O Projecto Cuidar dos Órfãos de Ingwavuma foi criado por Ann Dean, médica inglesa, com o intuito de ajudar famílias a obterem subsídios de amparo a crianças, subsídios esses a que é muito difícil ter acesso nesta zona remota. A cada família com quem trabalha, o projecto também fornece comida para um mês, mas o objectivo consiste em fazer com que as famílias cultivem os seus próprios legumes. O projecto organizou com os chefes locais a disponibilização de terra aos órfãos para que estes possam criar hortas colectivas; também proporcionou vedações, ferramentas e sementes.

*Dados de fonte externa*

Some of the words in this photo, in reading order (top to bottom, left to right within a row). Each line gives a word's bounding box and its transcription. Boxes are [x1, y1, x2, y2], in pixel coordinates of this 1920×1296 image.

Os órfãos reúnem-se em “clubes de órfãos” para discutirem assuntos como a prevenção da SIDA, nutrição e lavras com regos. As reuniões também lhes dão a oportunidade de verem que não estão sozinhos e que a sua situação não é diferente. O projecto encorajou muitas das escolas na zona a receberem órfãos e crianças vulneráveis, apesar de estas não poderem pagar as propinas.

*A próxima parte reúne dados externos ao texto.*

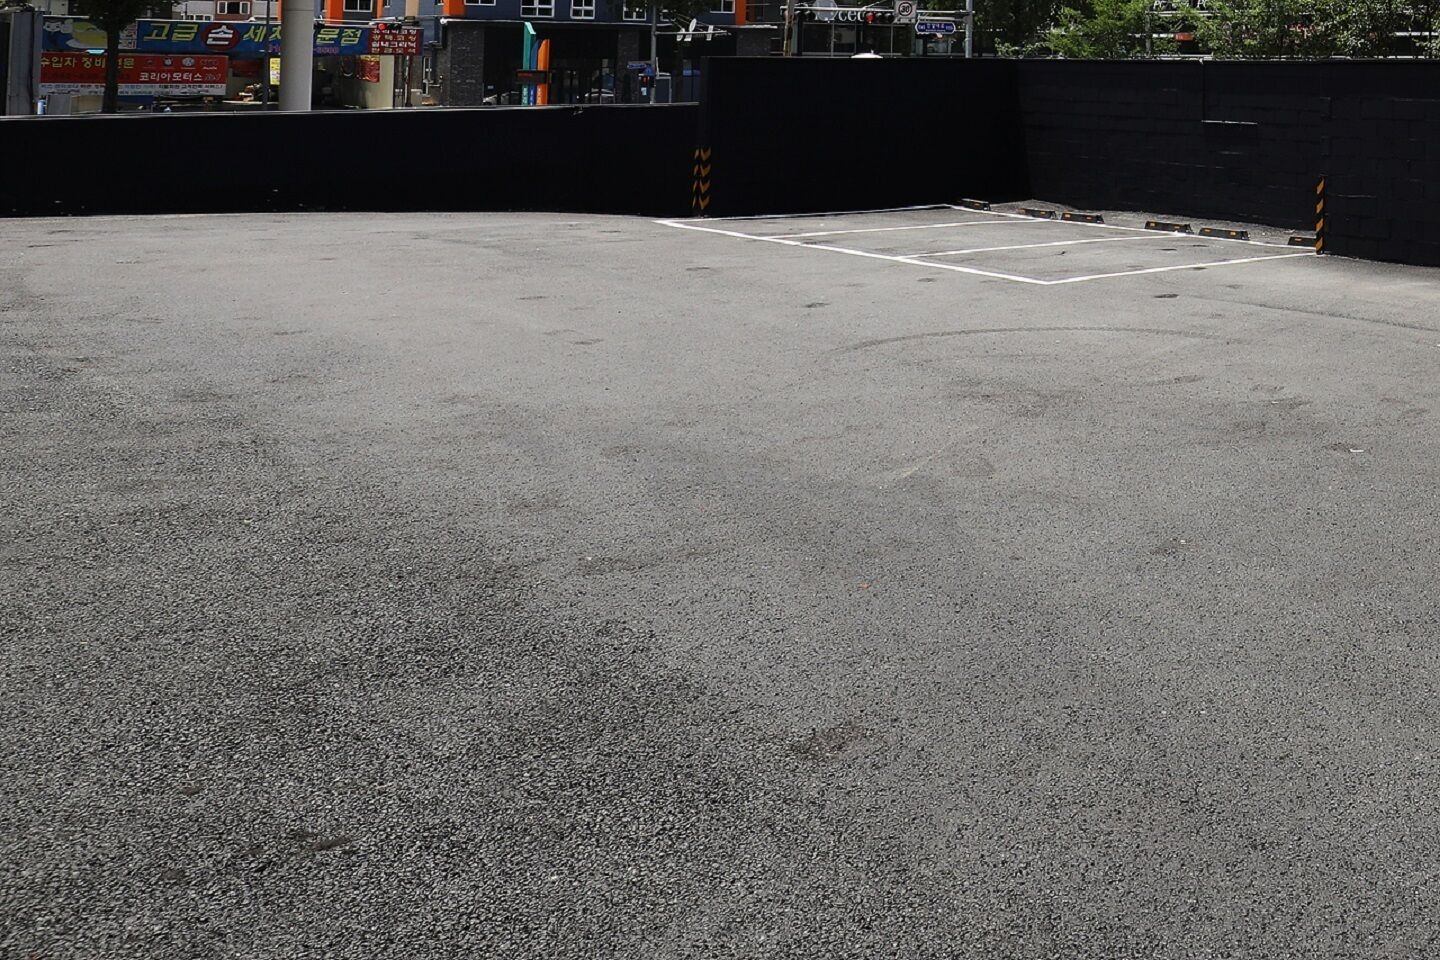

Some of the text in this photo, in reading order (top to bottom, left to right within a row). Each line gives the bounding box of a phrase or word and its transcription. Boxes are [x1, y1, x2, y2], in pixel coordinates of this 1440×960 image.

[901, 5, 909, 13] 30
[143, 23, 199, 43] 고급
[206, 25, 234, 45] 손
[139, 72, 203, 82] 코리아모터스

O projecto também tem 18 equipas de prestadores de cuidados de saúde baseados na comunidade para cuidarem de pessoas com SIDA em suas casas, para que não caia sobre os filhos a responsabilidade de tomarem conta do pai ou da mãe moribundos. Mas o projecto apenas consegue ajudar metade dos órfãos no distrito.

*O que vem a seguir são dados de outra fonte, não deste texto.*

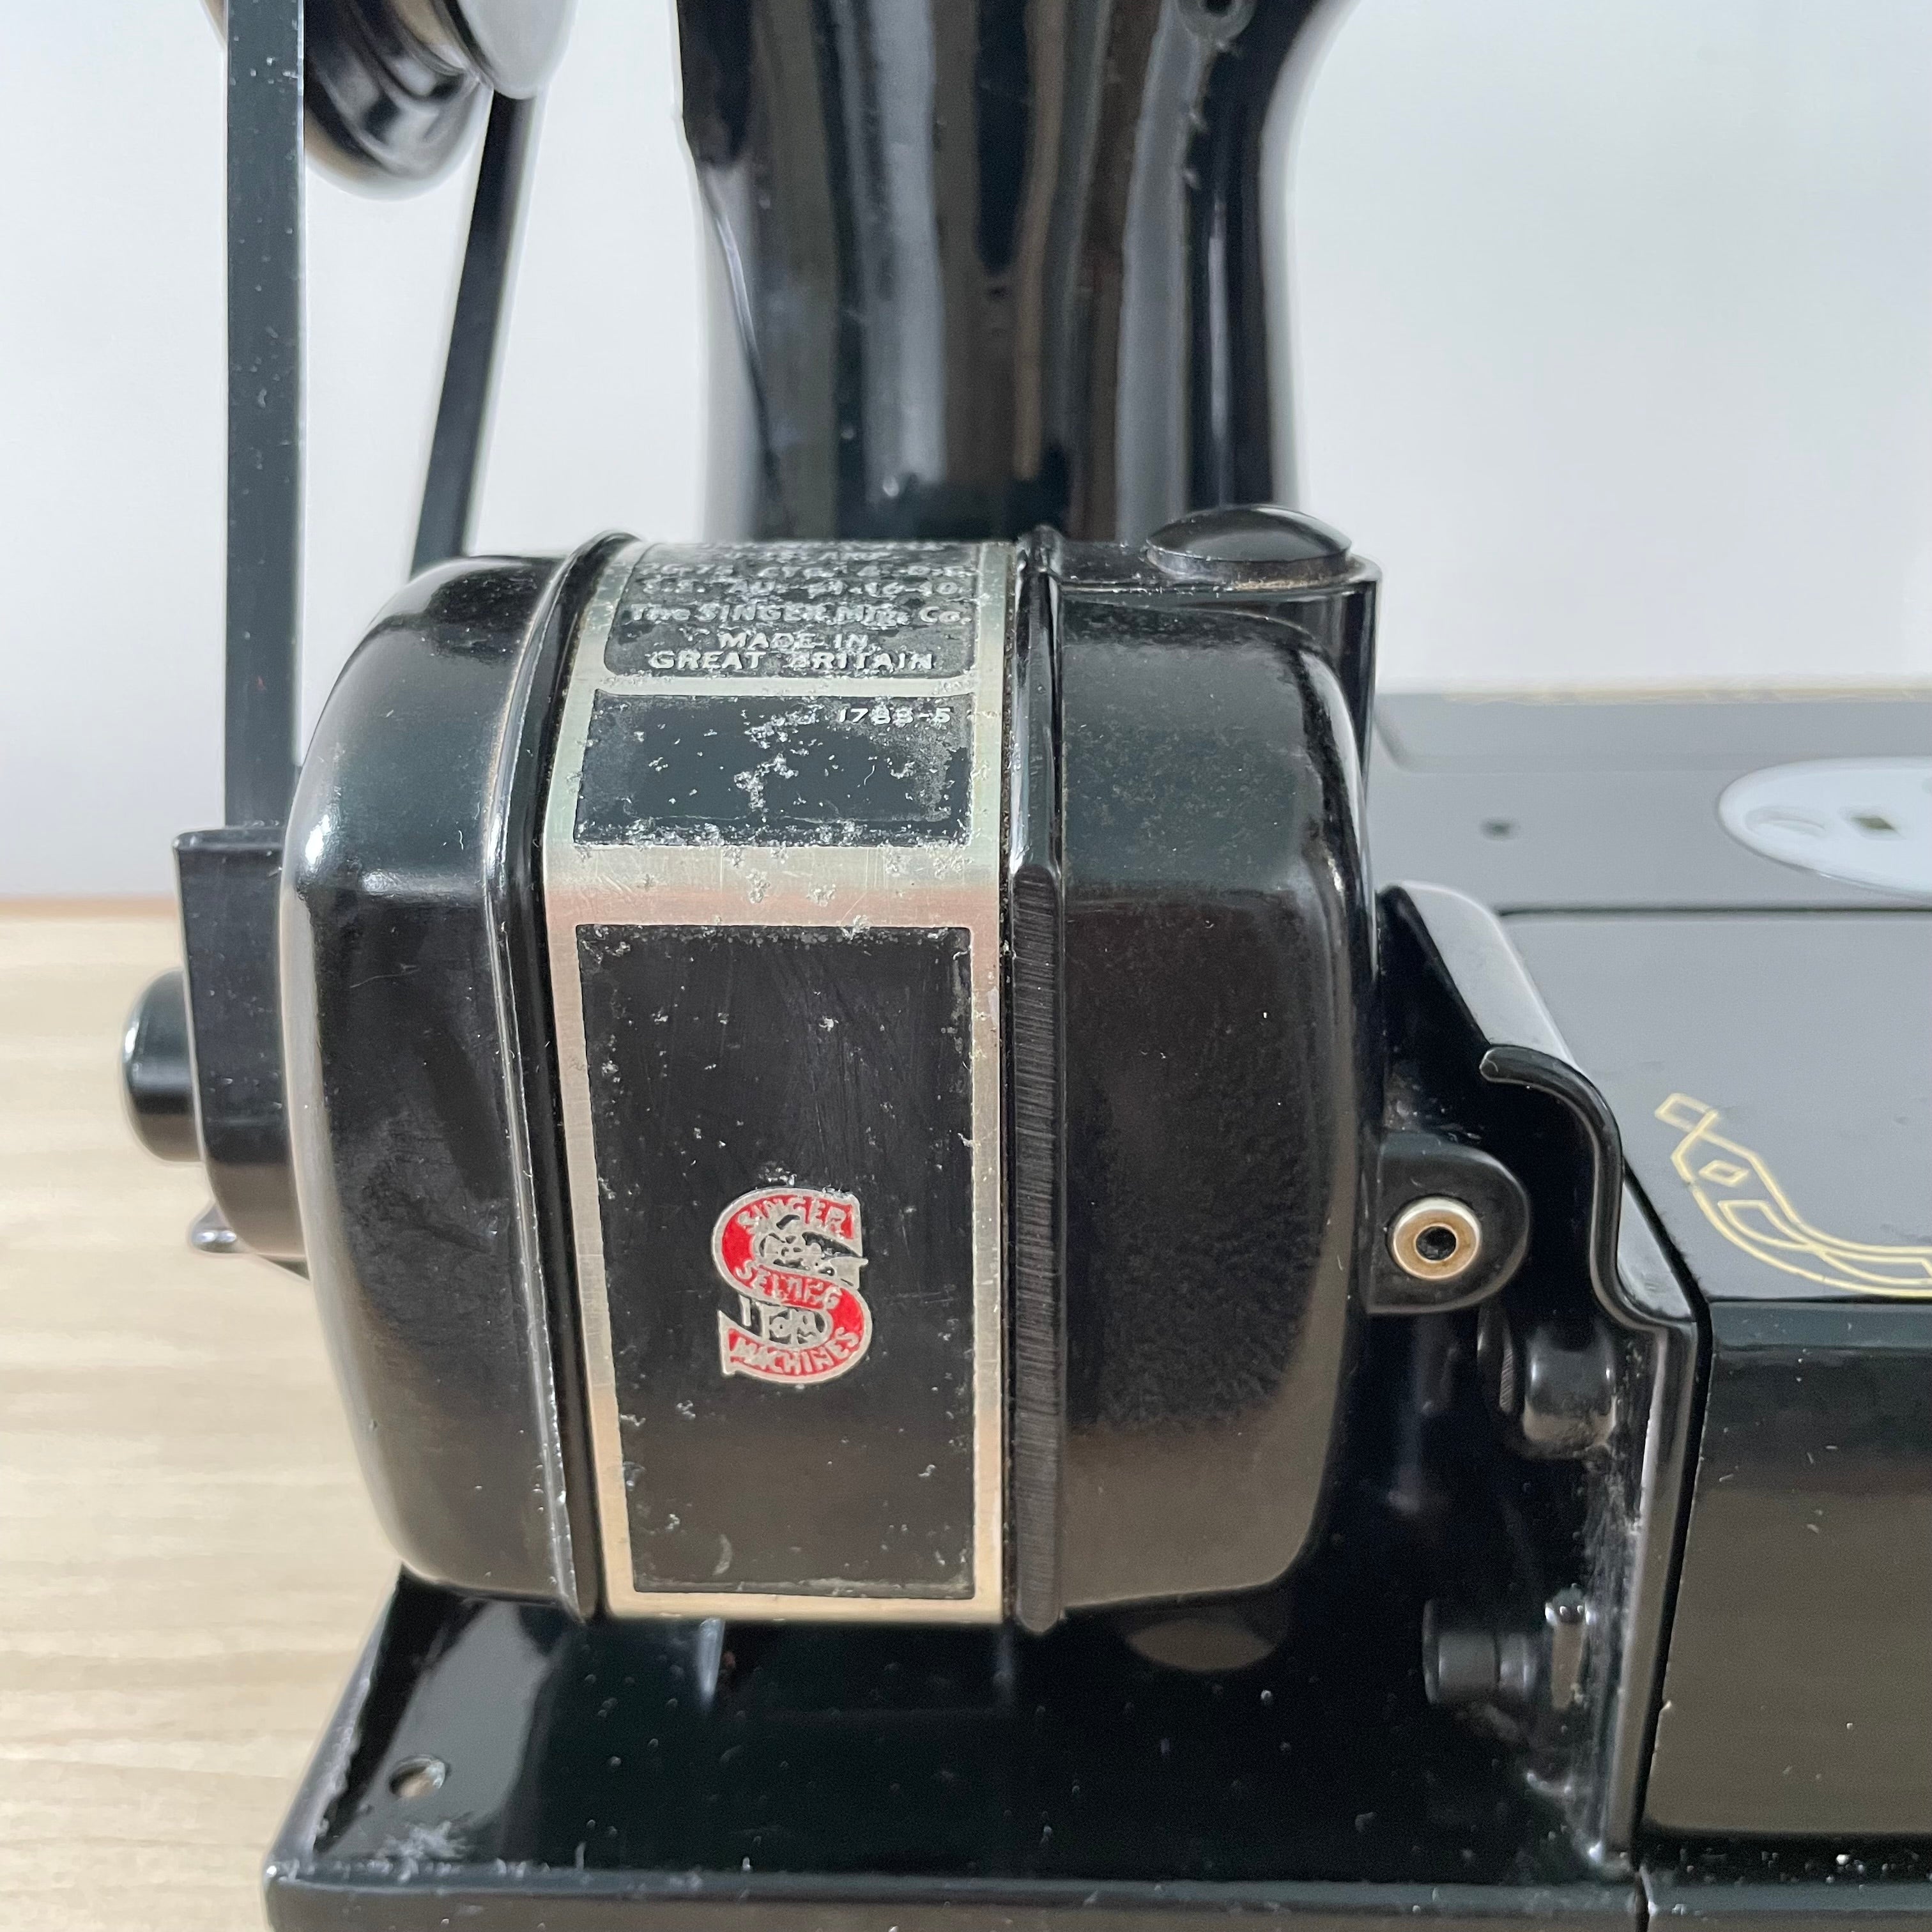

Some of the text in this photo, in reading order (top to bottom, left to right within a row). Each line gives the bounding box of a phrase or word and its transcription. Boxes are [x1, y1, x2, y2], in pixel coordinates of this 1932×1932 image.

[717, 632, 869, 650] MADE IN
[647, 649, 933, 672] GREAT BRITAIN

À medida que os pais morrem, muitas das casas que tinham construído estão a ruir, especialmente com a chuva torrencial das montanhas. Os conhecimentos de construção estão a perder-se com o tempo e uma casa segura no terreno da família é uma das necessidades mais urgentes para as famílias dirigidas por crianças na zona, a fim de evitar que sejam obrigadas a procurar abrigo noutro local e separadas dos irmãos. É também crucial se tiverem de proteger o seu direito de posse sobre o terreno.
O projecto de Ingwavuma está assente na convicção de que é melhor que os órfãos fiquem no ambiente familiar, ligados às suas redes sociais, e muitas comunidades responderam absorvendo órfãos com resiliência e compaixão. Mas há indícios de que as famílias estão a ter cada vez mais dificuldades e não estão a conseguir suprir todas as necessidades das crianças.
Os vizinhos em Ingwavuma e noutros locais estão a ser encorajados a receber órfãos em suas casas mas, presentemente, o cuidado de órfãos com base na comunidade está a exacerbar a pobreza de muitos agregados familiares. Continua a existir o desafio para se encontrar uma solução que condiga com a escala e a longevidade da situação.
*Os nomes dos órfãos e dos seus pais foram alterados a fim de proteger a sua privacidade.